Now, they have two children -- one-year-old Sammy and four-year-old Hayden. And the People photos show Thompson in the couple’s $3-million suburban Washington home, changing Sammy’s diaper in the living room, which the magazine describes as ‘Horchow Collections meets Fisher-Price.’

Anonymous rumblings from her husband’s nascent campaign have suggested that Jeri has played a much more hands-on role than she portrays. She says she has no intention of helping govern should he win. “It absolutely blows my mind that people think I would want a Cabinet post,” she says. “I can’t forfeit my responsibility for some of the ones some women might take on as first lady. I would still have my children as a first priority.”

Earlier this week the entire Thompson family sat for an interview with Fox’s Sean Hannity. The children squirmed happily on their parents’ laps. Thompson looked more like Hayden’s grampa, but the newest GOP presidential candidate looked as comfortable as could be as his daughter played with a plastic bowl and waved her hands.

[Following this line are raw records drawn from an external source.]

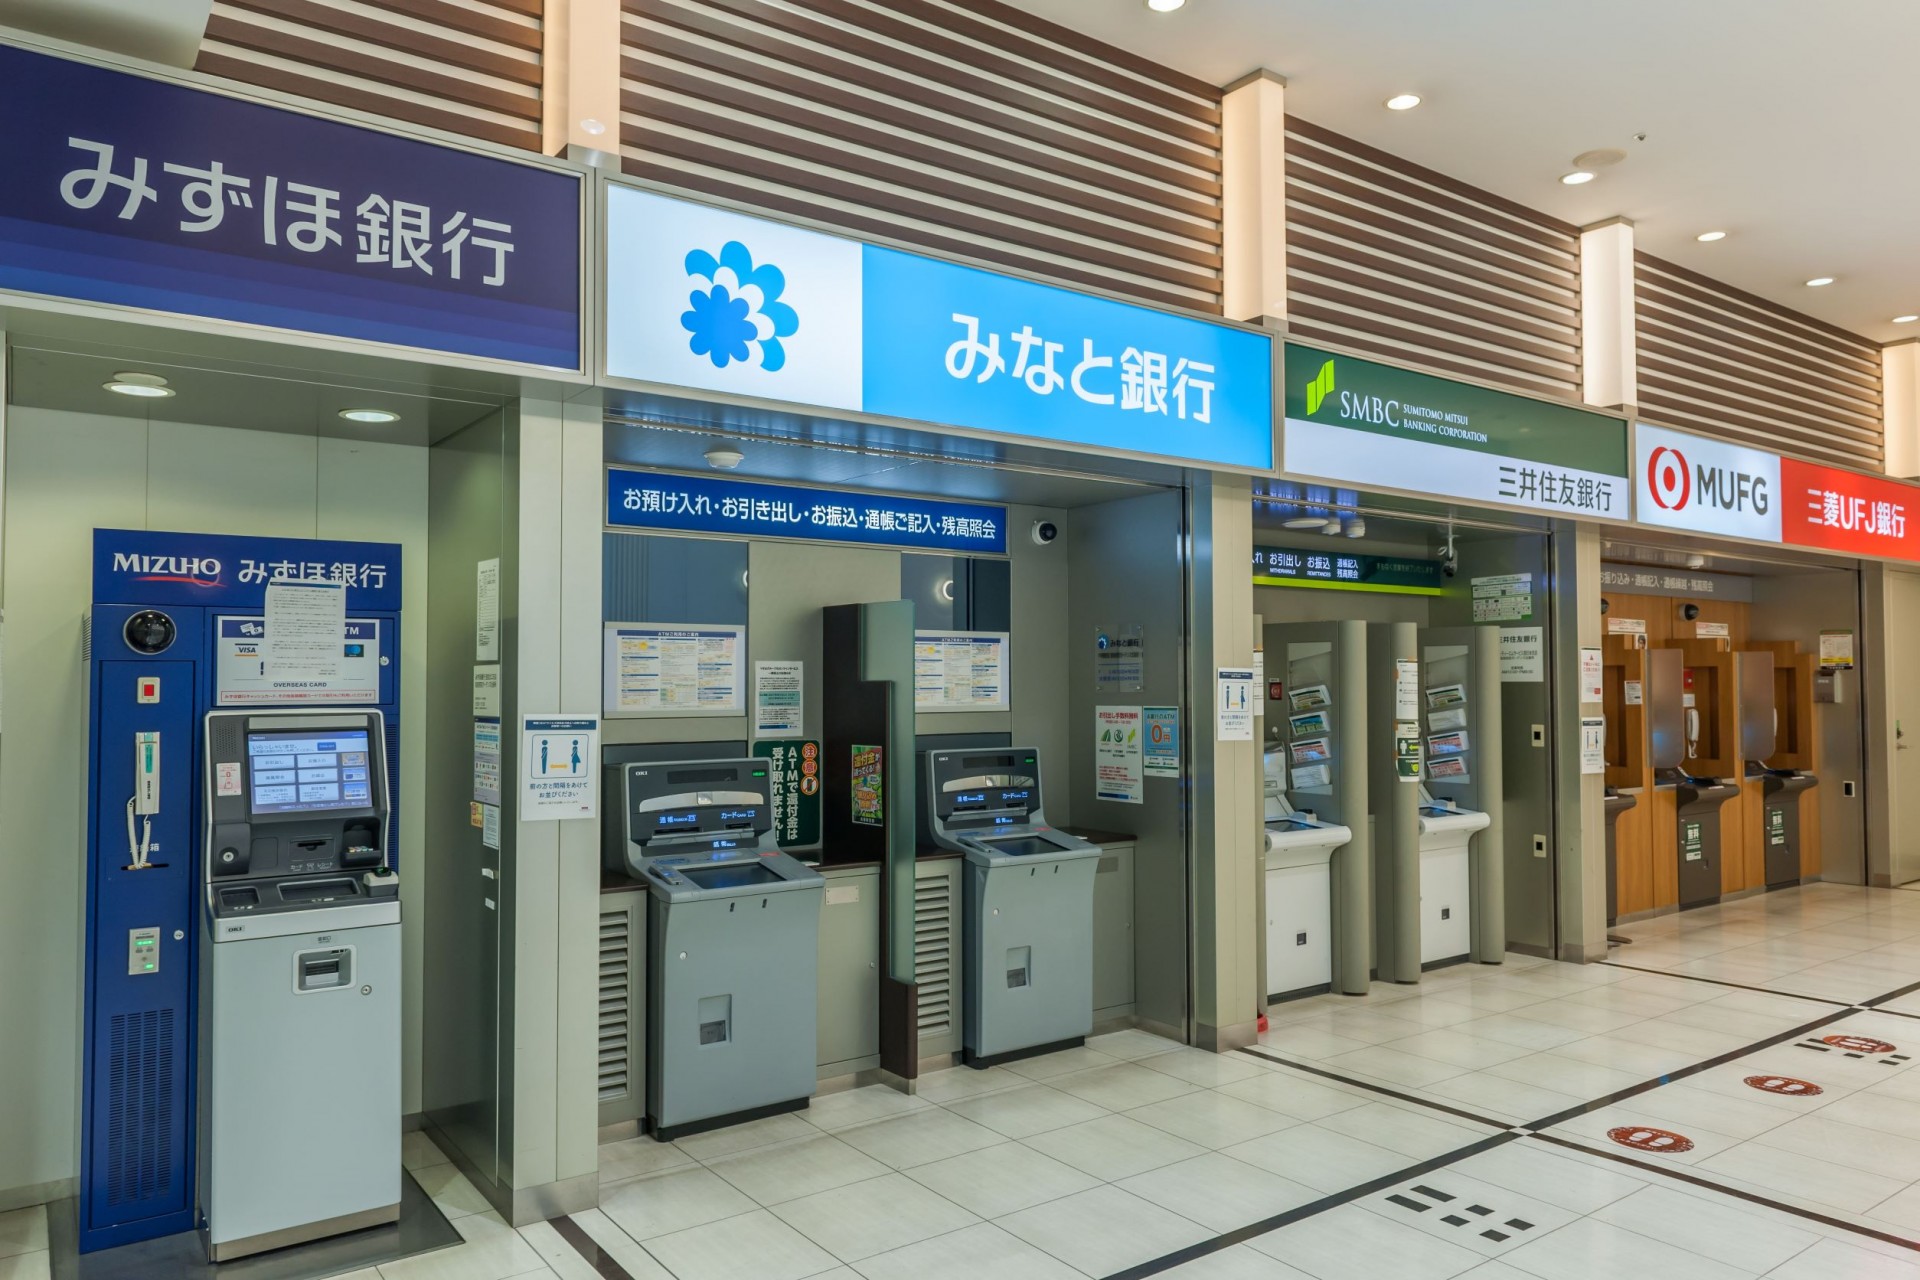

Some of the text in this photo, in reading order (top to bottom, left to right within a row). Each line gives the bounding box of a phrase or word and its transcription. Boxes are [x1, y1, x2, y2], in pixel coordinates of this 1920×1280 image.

[59, 136, 515, 287] みずほ銀行
[945, 312, 1215, 423] みなと銀行
[1340, 391, 1399, 427] SMBC
[1403, 404, 1468, 425] SUMITOMO MITSUI
[1403, 419, 1487, 443] BANKING CORPORATION
[1499, 466, 1612, 512] 三井住友銀行
[1697, 464, 1768, 515] MUFG
[1807, 488, 1905, 538] 三菱UFJ銀行
[113, 552, 221, 575] MIZUHO
[1270, 553, 1301, 567] お引出し
[1307, 556, 1331, 569] お振込
[238, 646, 256, 654] VISA
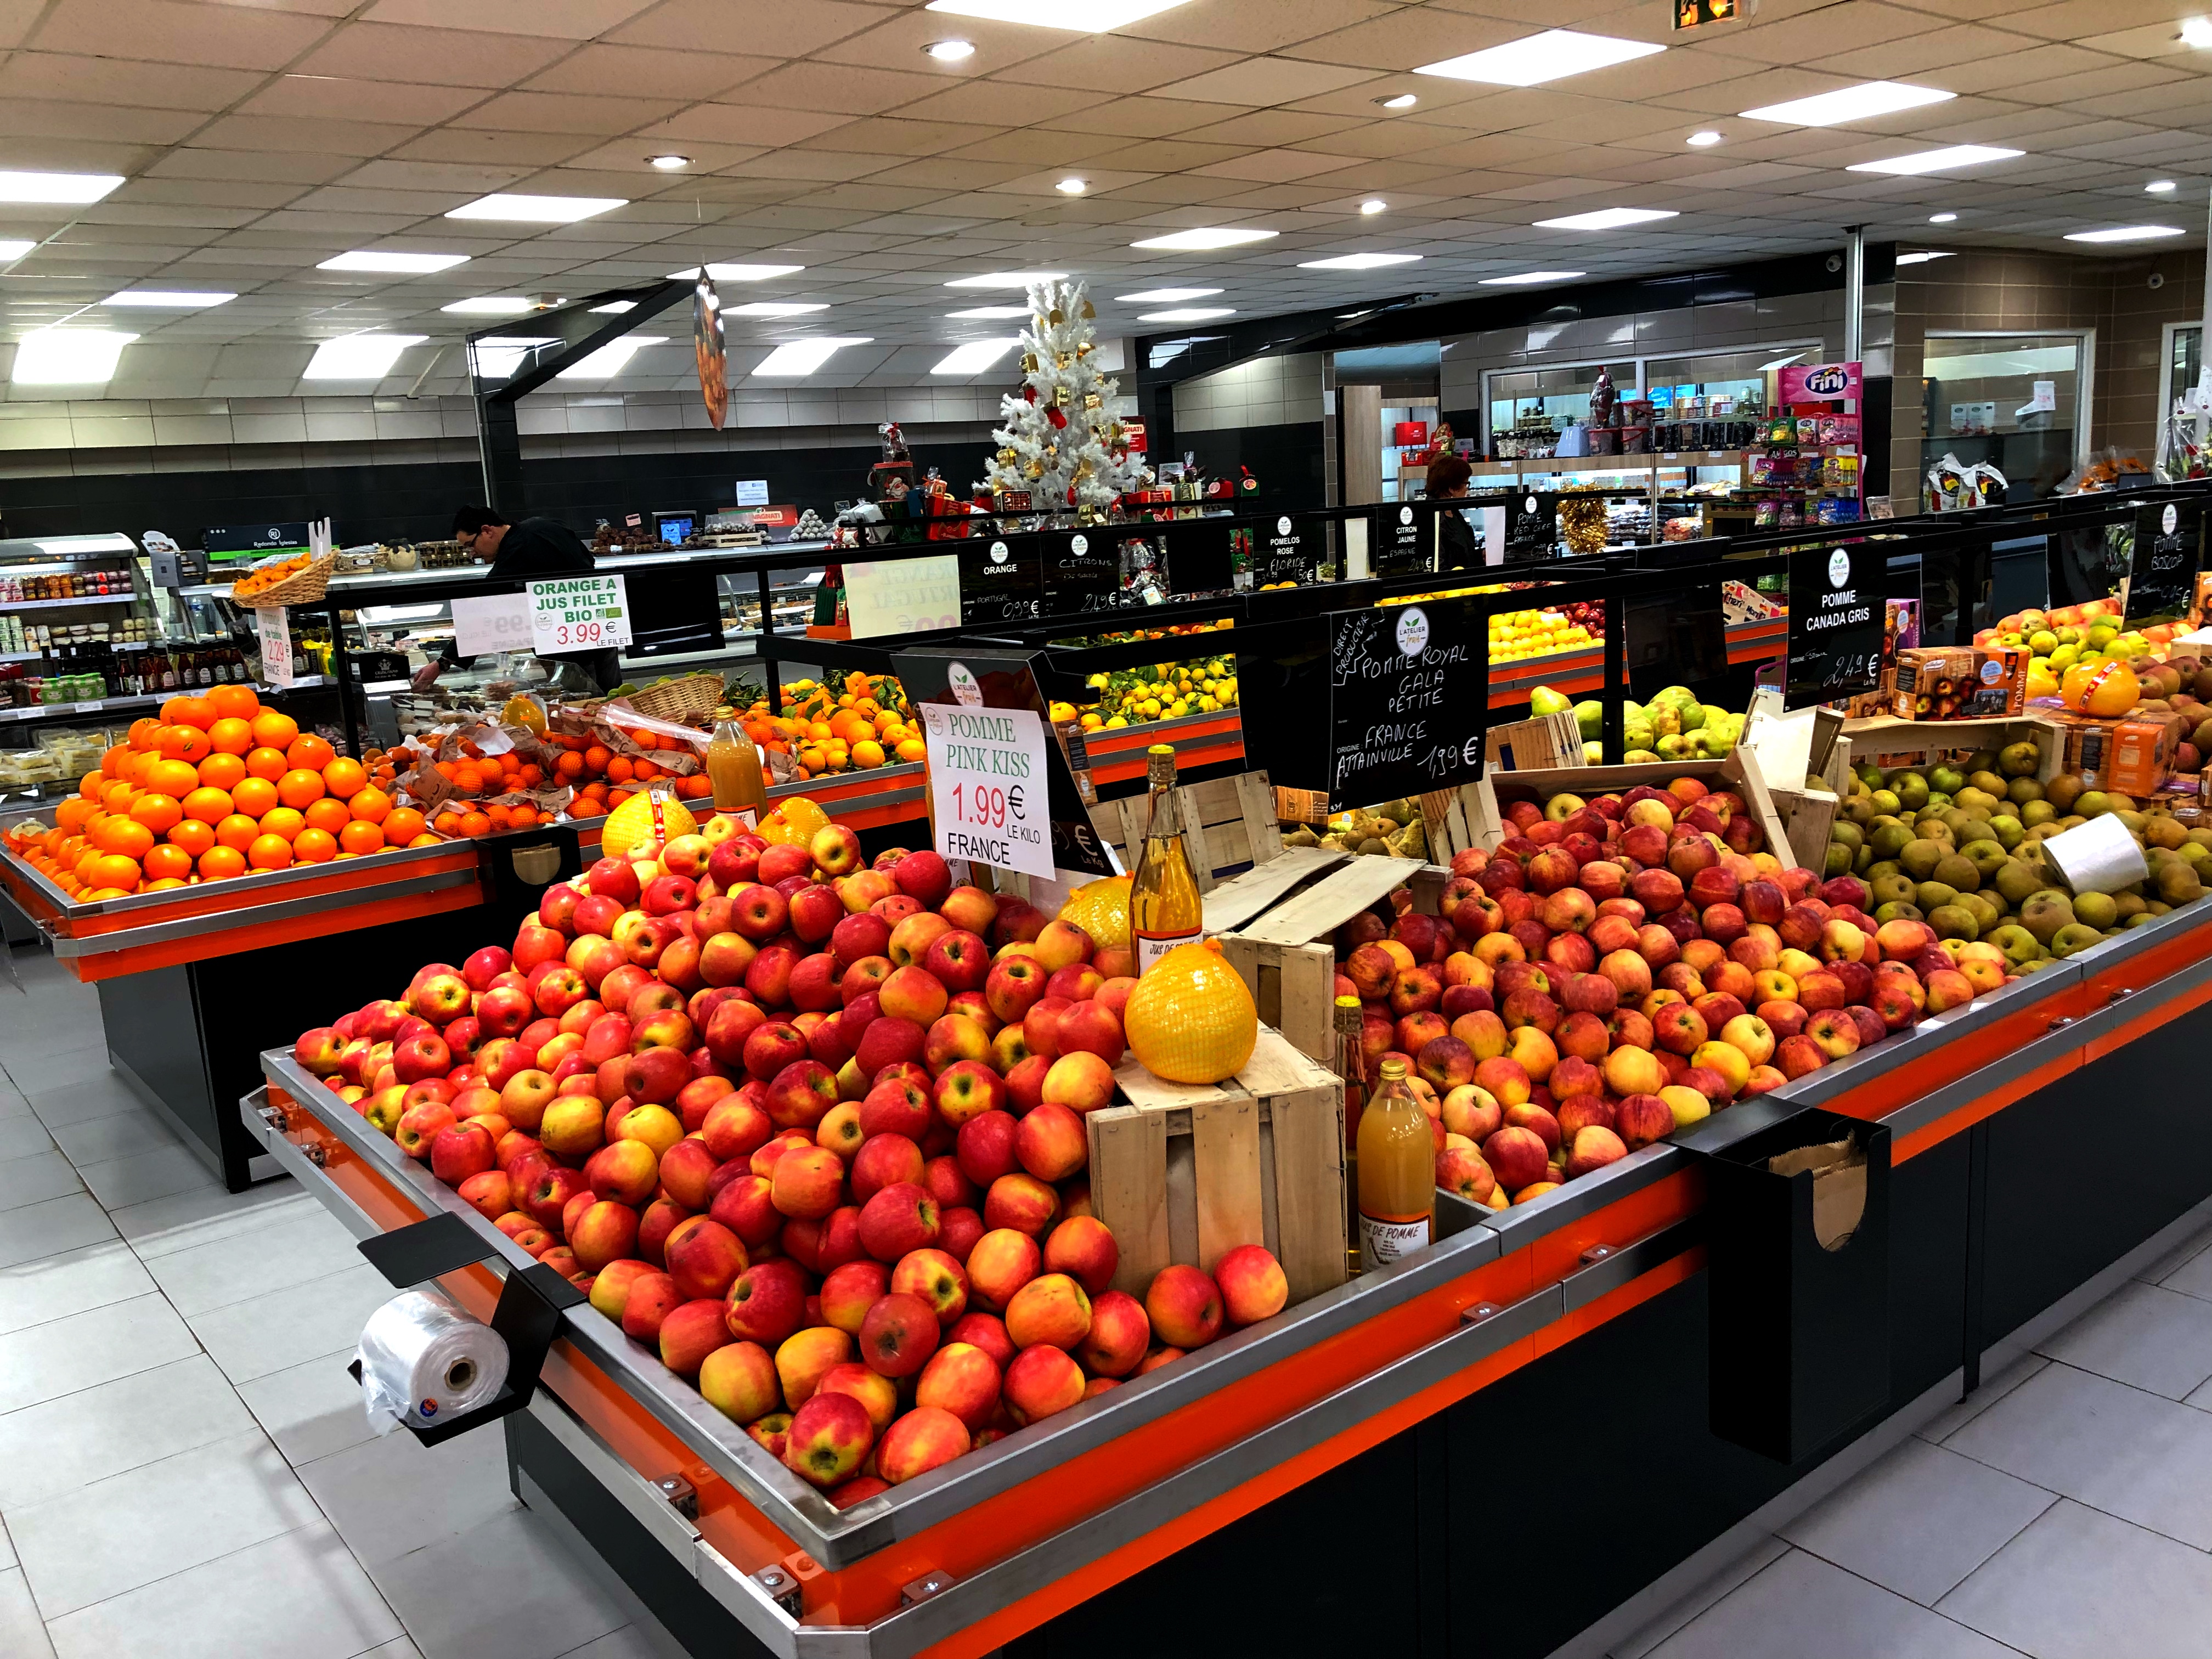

He didn’t miss a beat when answering Hannity’s mostly softball questions.

Hannity did ask two pointed questions: He pushed Thompson on evangelical leader James Dobson’s doubts about his Christianity and dismissal of his candidacy. “I have my own relationship to the good Lord,” said Thompson, who says he’s never met Dobson and doesn’t plan “to dance to anybody’s tune.”

Hannity also raised a Newsweek story quoting unnamed Thompson campaign advisors worrying that living in the White House is Jeri’s dream, not Fred’s.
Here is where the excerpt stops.